Direkt zum Hauptbereich

What's wrong with Scala? About Yate's Correction

Some months ago, I started a new job as a machine learning engineer for a german trading company. In the course of this, I began to deal more with the programming language Scala. Scala provides some benefits that makes the work easier for data engineers when building data pipelines and there's a good support for spark, which is an advantage in cluster computing. But Scala (of course) also has its idiosyncrasies.

This article shows the idiosyncrasy of Yate's correction in the Statistcs package of Scala and its consequences.

The Statistics Package

Like many other programming languages, Scala also comes with a statistical package called "Statistics". It includes many basic methods of the describing statistics, which you need for many purposes. One of these purposes is, for example, A/B testing.

So, what's wrong with Scala?

For an A/B test, I tested the significance by own calculations first (in old manner, as I had learned in my studies) before using the statistical package of Scala. Call me a control freak, but I want to understand when I'm possibly wrong and why. Anyway. The result was, that my own calculation differed from the one with the Scala Statistics package. My result was a Chi Squared value of 5.882 while the Statistics package said it is 5.510.

The test data was as follows: There have been two groups, A and B. In each group there was the possibility of the occurence of an event x - so x could have happend (x) or not (!x). Group B had a little bit different environment than group A (the control group). In group A, there were 9,500 visitors without event x and 950 with event x. In group B (the test group) were 500 visitors without event x and 32 with event x happened.

Event A B
x 9,500 500
!x 950 32


This means a probability of 10% for x in group A and 6.4% in group B. The question to answer was, if group B really had a smaller probability for x or was it just the effect of a too small sample? The Chi square independece test should answer this question.

The test needed to beat the Chi²-value of 3.84, so it was beaten anyway - but where did the difference come from? The most simple explanation was, that I was wrong. But I needed proof. So I tested the values with a short python code snippet below (the original Code from Jason Brownlee can be found here), which requires the module SciPy (installable with pip: pip install scipy).

 1
 2
 3
 4
 5
 6
 7
 8
 9
10
11
12
13
14
15
from scipy.stats import chi2_contingency
from scipy.stats import chi2

# List 0: visitors, list 1: conversions
table = [[9500, 500],
         [950, 32]]

stat,p, dof, expected = chi2_contingency(table)

# Test-statistic
alpha = 0.05
prob = 1-alpha
critical = chi2.ppf(prob, dof)

print('probability=%.3f, critical=%.3f, stat=%.3f' % (prob, critical, stat))

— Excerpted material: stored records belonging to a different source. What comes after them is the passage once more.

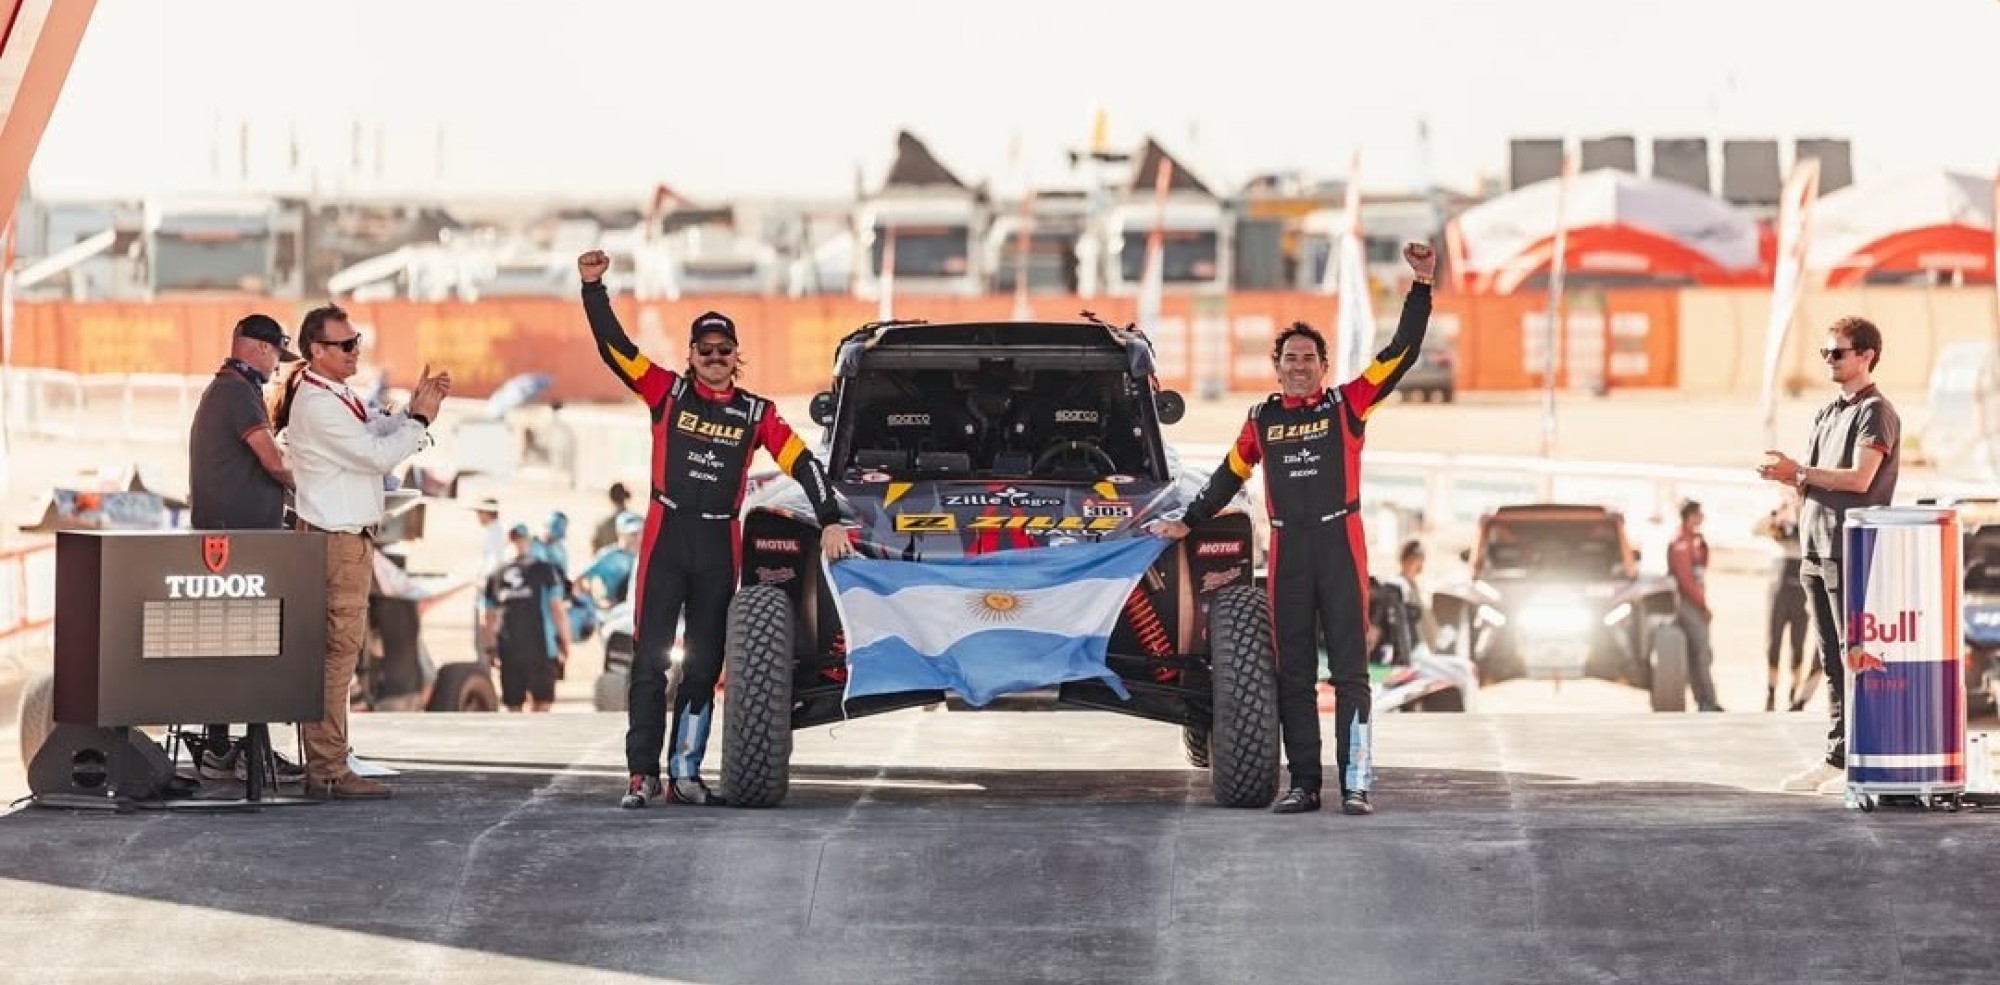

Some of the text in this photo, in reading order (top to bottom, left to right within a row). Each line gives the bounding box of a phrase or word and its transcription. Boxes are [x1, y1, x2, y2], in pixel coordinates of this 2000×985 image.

[888, 414, 930, 425] sparco
[1055, 410, 1098, 421] sparco
[697, 421, 744, 440] ZILLE
[1285, 418, 1329, 437] ZILLE
[945, 494, 1061, 508] Zille agro
[1084, 505, 1131, 517] 305
[966, 516, 1125, 529] ZILLE
[756, 539, 799, 551] MOTUL
[1198, 542, 1241, 553] MOTUL
[165, 573, 266, 598] TUDOR
[1861, 610, 1916, 643] Bull
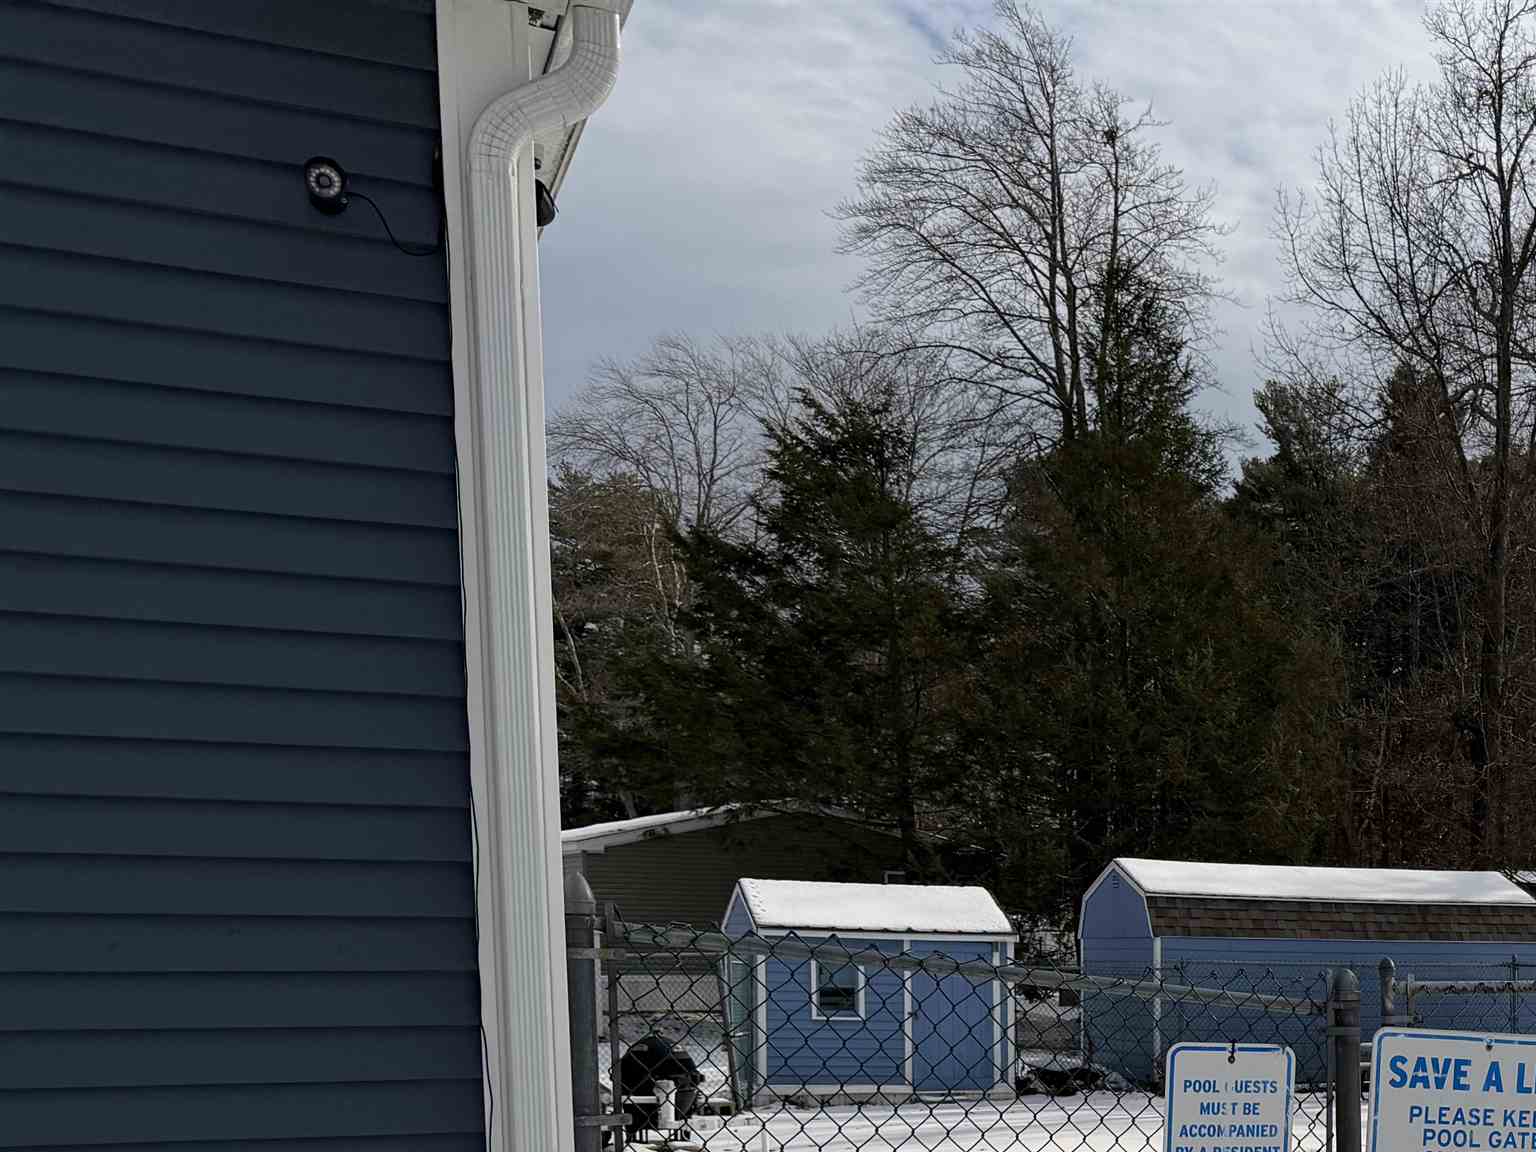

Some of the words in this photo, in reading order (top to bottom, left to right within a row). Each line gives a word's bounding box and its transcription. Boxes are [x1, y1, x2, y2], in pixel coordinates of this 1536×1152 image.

[1389, 1055, 1472, 1092] SAVE
[1482, 1061, 1504, 1093] A
[1184, 1080, 1219, 1093] POOL
[1243, 1103, 1261, 1115] BE
[1409, 1106, 1495, 1126] PLEASE
[1423, 1129, 1481, 1148] POOL

The code above produced the following output below. As you can see, python also calculates the lower Chi²-value of 5.510. But the reason was not that I was wrong.


dof=1
[[9515.57093426  484.42906574]
 [ 934.42906574   47.57093426]]
probability=0.950, critical=3.841, stat=5.510
>>> 

After some research, I found the source of the deviation. It is located in the python method chi2_contingency which calculates the Chi-squared contingency of the contingency table. It gets a little bit clearer, if we take a look at its signature:


scipy.stats.chi2_contingency(observed, correction=True, lambda_=None)

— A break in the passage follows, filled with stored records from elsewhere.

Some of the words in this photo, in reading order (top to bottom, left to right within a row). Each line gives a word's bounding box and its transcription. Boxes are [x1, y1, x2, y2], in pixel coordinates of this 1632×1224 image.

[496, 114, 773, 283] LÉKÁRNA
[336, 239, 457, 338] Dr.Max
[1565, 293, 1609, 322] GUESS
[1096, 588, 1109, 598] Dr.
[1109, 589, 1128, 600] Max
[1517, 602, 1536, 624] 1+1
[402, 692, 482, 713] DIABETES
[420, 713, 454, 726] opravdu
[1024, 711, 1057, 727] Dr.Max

As we can see, there are more parameters available than used inside the code. The source of the deviation is the parameter "correction". By default, it's set to True and this causes, that in a special case (only in 2x2 cintingency tables) the so called Yate's Correction will be applied when calculation the Chi²-value. And this correction is responsible for the lower Chi²-value. (A detailed explanation of Yate's Correction can be found here.)

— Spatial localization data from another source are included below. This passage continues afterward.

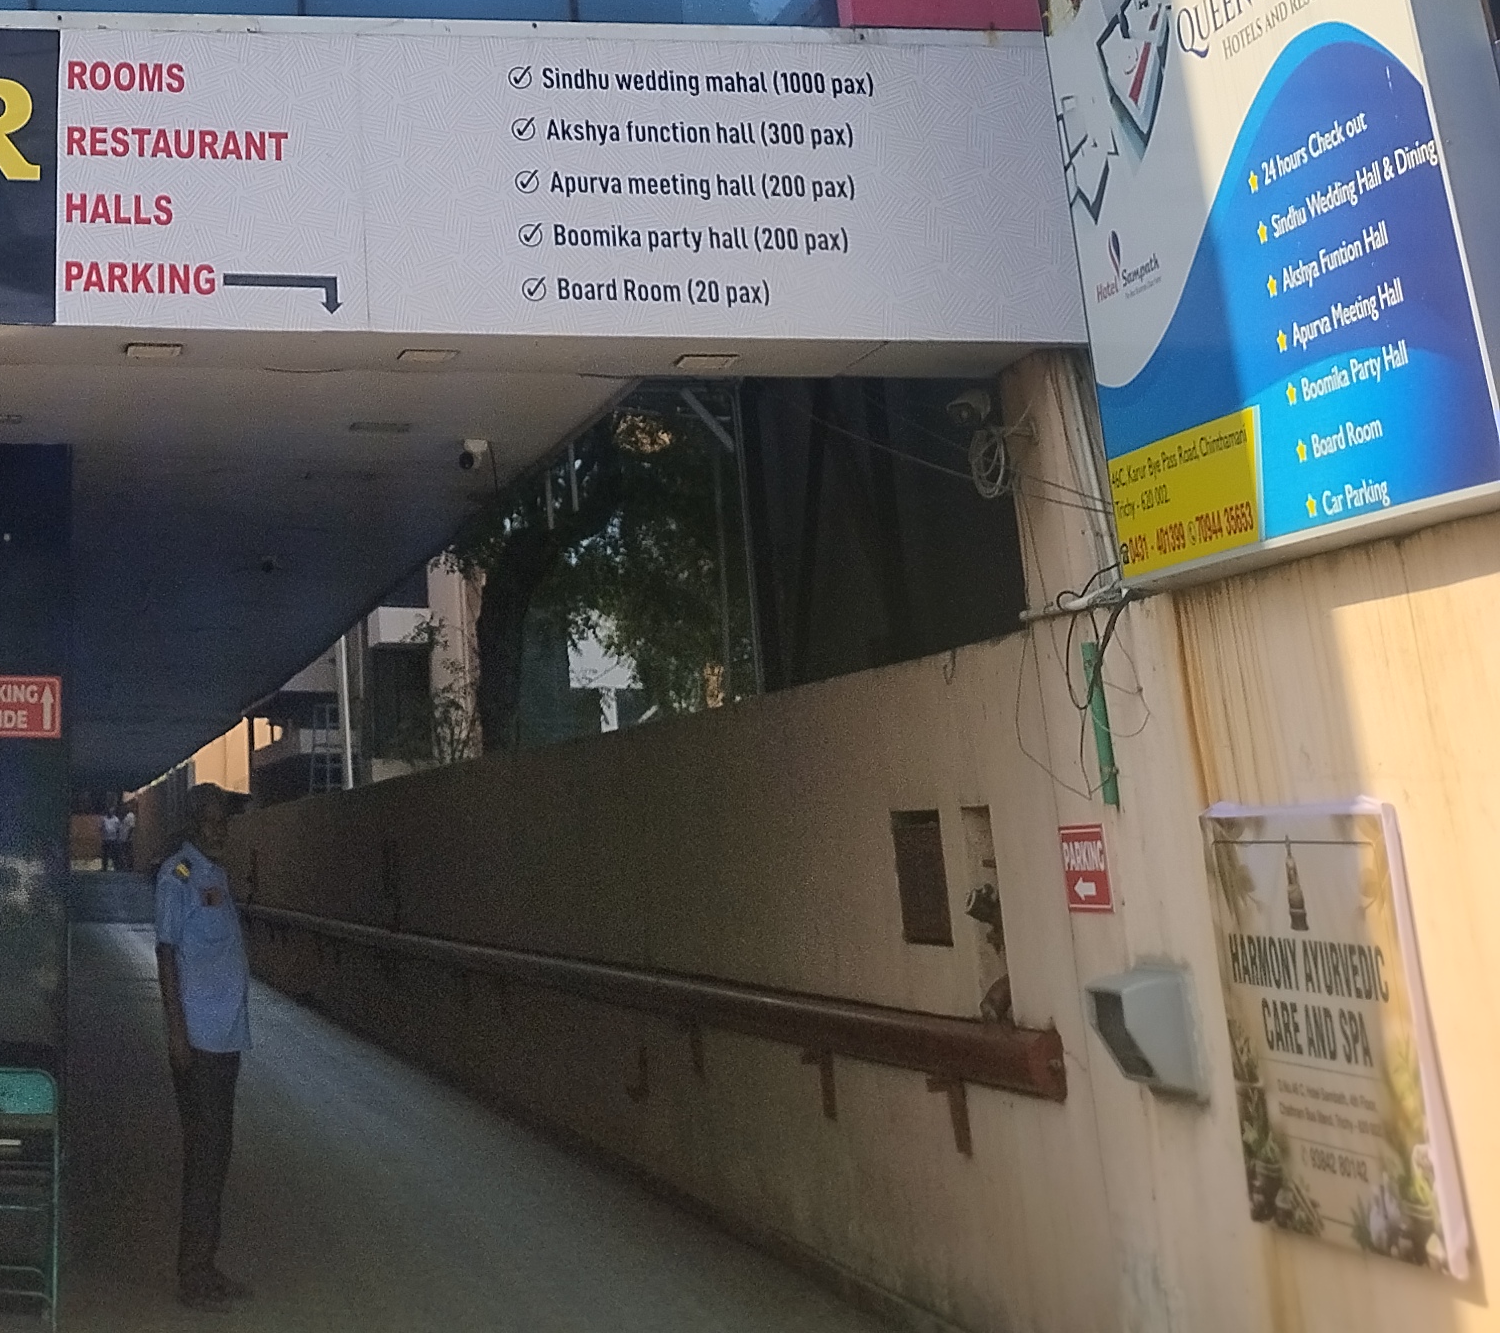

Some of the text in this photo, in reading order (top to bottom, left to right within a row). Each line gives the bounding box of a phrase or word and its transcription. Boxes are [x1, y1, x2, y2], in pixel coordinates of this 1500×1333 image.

[1222, 17, 1263, 60] HOTELS
[1265, 1, 1288, 33] AND
[66, 60, 185, 95] ROOMS
[542, 68, 874, 98] Sindhu wedding mahal (1000 pax)
[66, 127, 288, 162] RESTAURANT
[547, 119, 854, 149] Akshya function hall (300 pax)
[1261, 113, 1368, 185] 24 hours Check out
[551, 171, 856, 201] Apurva meeting hall (200 pax)
[1271, 139, 1438, 238] Sindhu Wedding Hall & Dining
[66, 193, 173, 226] HALLS
[553, 224, 849, 255] Boomika party hall (200 pax)
[1282, 220, 1389, 293] Akshya Funtion Hall
[65, 261, 217, 297] PARKING
[557, 278, 770, 308] Board Room (20 pax)
[1096, 275, 1119, 303] Hotel
[1121, 253, 1160, 287] Sampath
[1292, 277, 1404, 350] Apurva Meeting Hall
[1301, 339, 1409, 401] Boomika Party Hall
[1311, 419, 1383, 458] Board Room
[1322, 479, 1390, 515] Car Parking
[1062, 840, 1105, 871] PARKING
[1229, 934, 1389, 1003] HARMONY AYURVEDIC
[1262, 998, 1373, 1067] CARE AND SPA

The Chi squared test has an upwards bias which causes too high values - especially on low frequencies of observations. Yate's Correction decreases this effect hence it "pushes down" chi-square and thus provides a cautious or "conservative" interpretation of the results. In higher frequencies it should take less effect. But: There's a discussion between experts, because Yate's correction is too strict (see Bradley et al, 1979).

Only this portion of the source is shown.